Derrière l'enjeu d'une mort consciente, se dissimule l'abandon de la totalité des prétentions du moi, à savoir le pouvoir, le savoir et l'avoir.

C'est donc un enjeu spirituel masqué par une apparence matérielle.

Le moi vit des petites morts, lors de l'entrée dans le sommeil profond, de la fin de l'expiration, et de toutes les expériences de lâcher-prise forcé. La mort physique est une autre forme d'expérience d'abandon, qui est vécue selon l'état d'esprit présent à ce moment, à savoir dans la peur ou dans la sérénité. Ces expériences de mort sont partielles, car le sens du moi n'est pas pour autant complètement dissous. Comme l'herbe coupée à ras qui ne manque pas de repousser, le sens du moi, décapité, renaît de ses cendres en temps et lieu voulus.
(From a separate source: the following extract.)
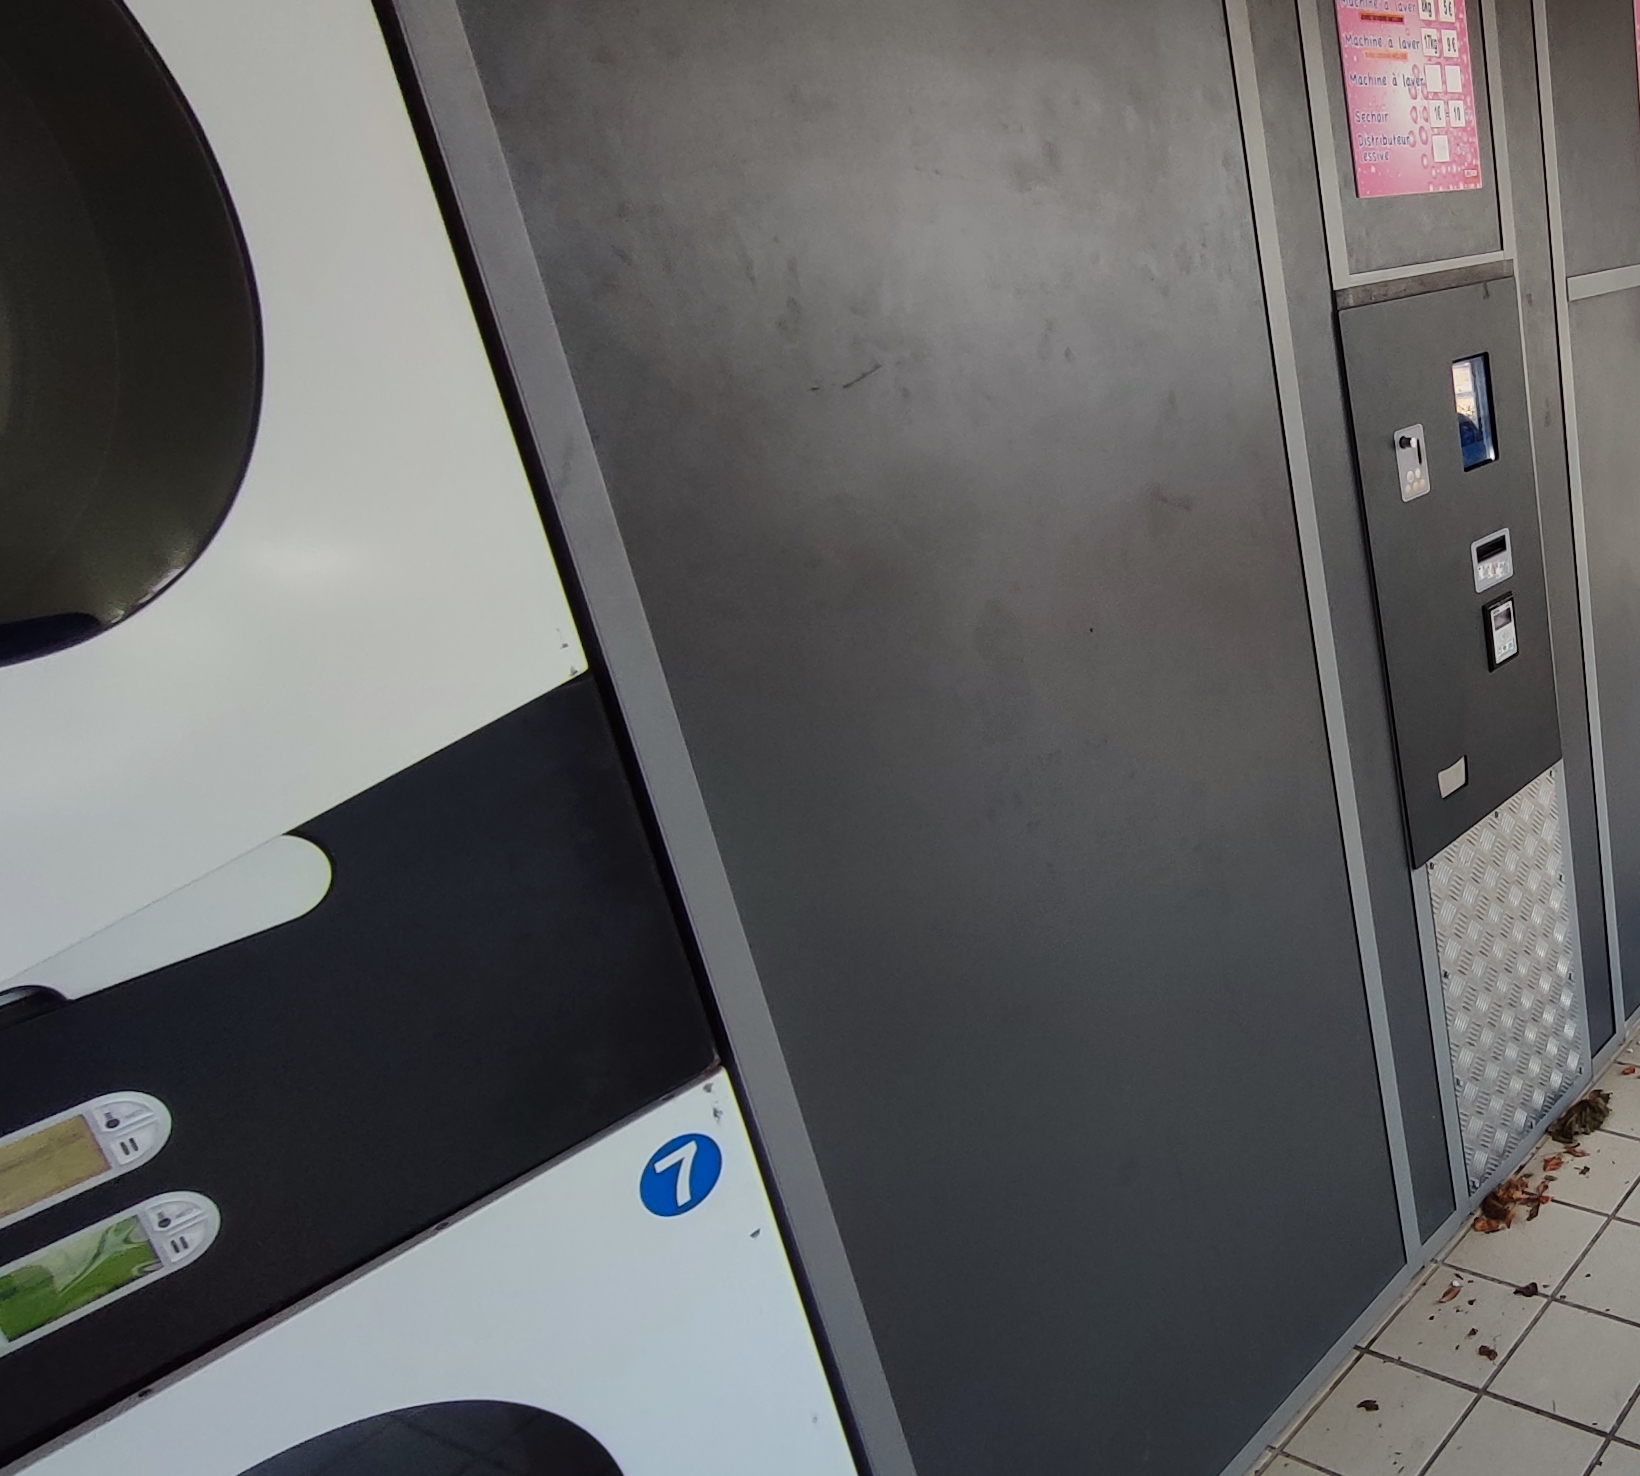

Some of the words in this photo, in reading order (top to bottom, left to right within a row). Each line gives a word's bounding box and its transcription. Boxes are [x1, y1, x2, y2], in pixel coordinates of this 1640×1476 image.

Le déracinement du sens du moi nécessite un regard mature, qui discerne le faux du vrai et libère l'esprit des mirages dans lequel il est englué. C'est le rôle de la sagesse d'enseigner ce que la réalité n'est pas, afin que la réalité puisse pleinement se dévoiler et devenir l'unique réalité.

Portons ce souhait de vivre la réalité dans toute sa majesté, et de se libérer, pour toujours, du mirage de la mort. Devenons pour cela disciple de la vérité, jusqu'à disparaître en elle. Tel est le sens de l'union des contraires et de la fusion dans l'un. La mort meurt dans l'éveil à la vie.